**Task objective:**
Every line below must be copied as written, except for pictures.

== Segment start ==

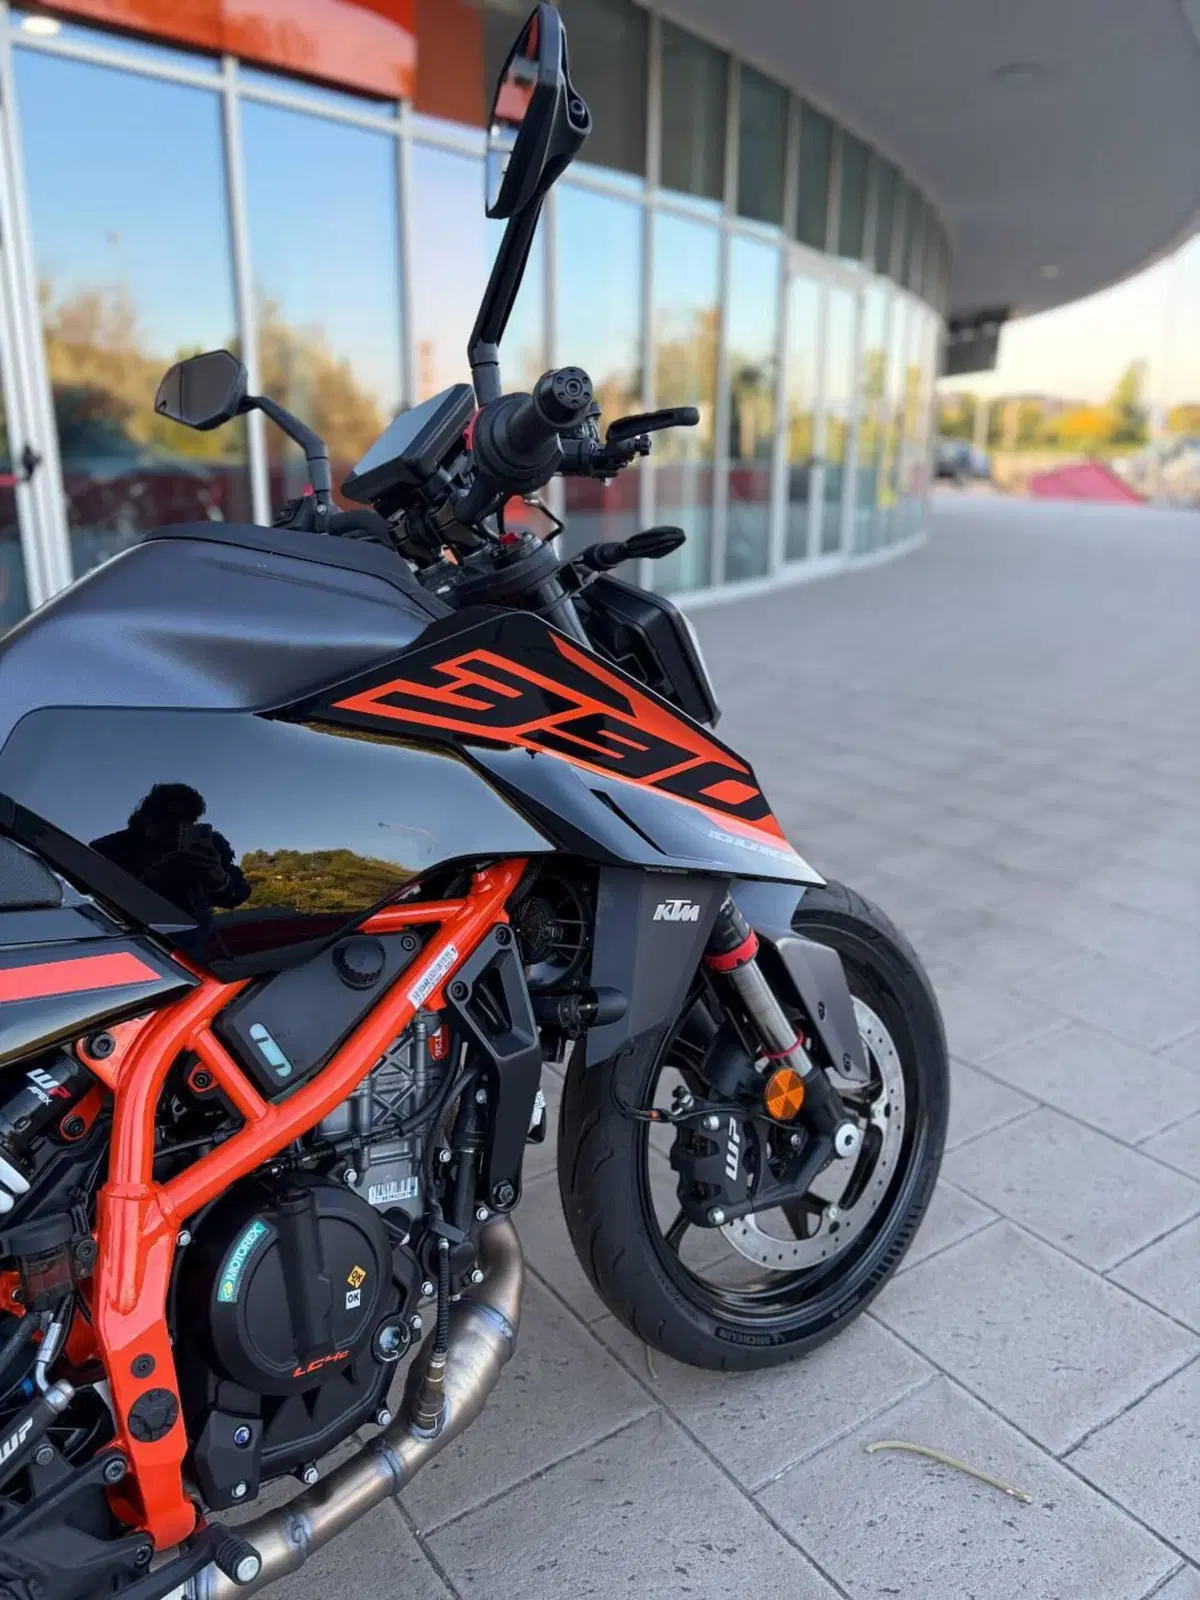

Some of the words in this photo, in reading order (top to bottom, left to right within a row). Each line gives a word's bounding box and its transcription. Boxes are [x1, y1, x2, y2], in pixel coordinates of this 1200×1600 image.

[653, 900, 700, 922] KTM
[26, 1068, 71, 1099] WP
[27, 1086, 53, 1106] APEX
[725, 1116, 740, 1181] WP
[225, 1224, 263, 1281] MOTOREX
[352, 1270, 364, 1282] OK
[347, 1292, 360, 1303] OK
[0, 1416, 33, 1466] WP
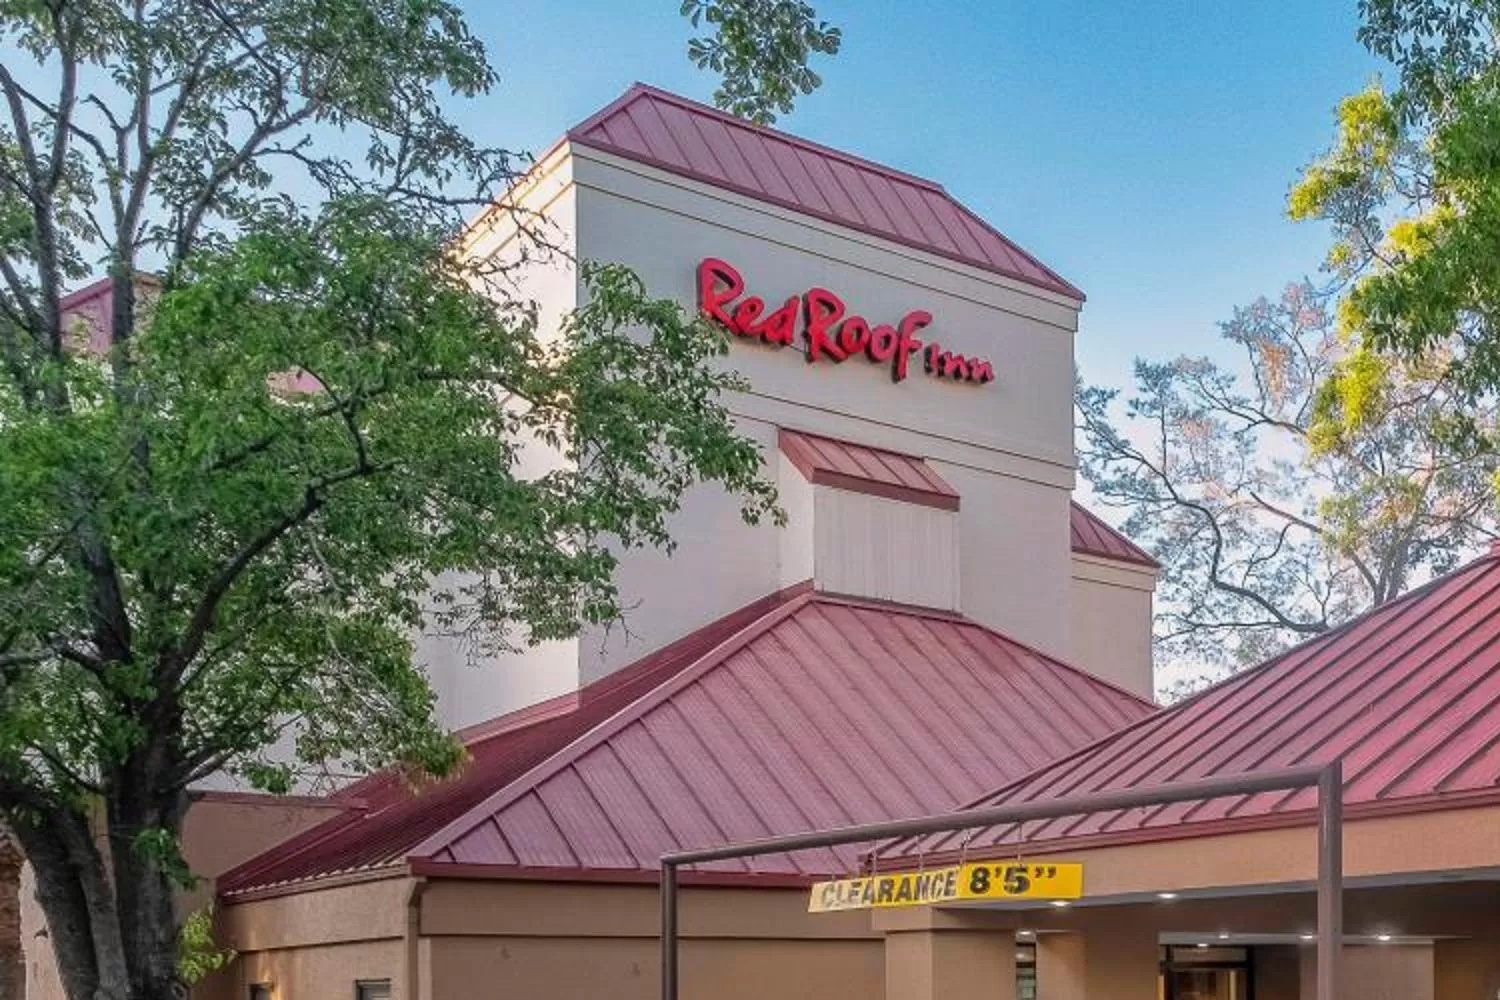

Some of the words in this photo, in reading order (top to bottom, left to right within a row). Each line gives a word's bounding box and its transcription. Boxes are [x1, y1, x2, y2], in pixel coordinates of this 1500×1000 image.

[697, 258, 799, 345] Red
[802, 288, 932, 383] Roof
[821, 869, 959, 907] CLEARANCE

== Segment end ==

**Expected answer:**
Some of the words in this photo, in reading order (top to bottom, left to right within a row). Each line gives a word's bounding box and its transcription. Boxes are [x1, y1, x2, y2], in pixel coordinates of this 1200×1600 image.

[653, 900, 700, 922] KTM
[26, 1068, 71, 1099] WP
[27, 1086, 53, 1106] APEX
[725, 1116, 740, 1181] WP
[225, 1224, 263, 1281] MOTOREX
[352, 1270, 364, 1282] OK
[347, 1292, 360, 1303] OK
[0, 1416, 33, 1466] WP

Some of the words in this photo, in reading order (top to bottom, left to right within a row). Each line gives a word's bounding box and its transcription. Boxes are [x1, y1, x2, y2], in pixel coordinates of this 1500×1000 image.

[697, 258, 799, 345] Red
[802, 288, 932, 383] Roof
[821, 869, 959, 907] CLEARANCE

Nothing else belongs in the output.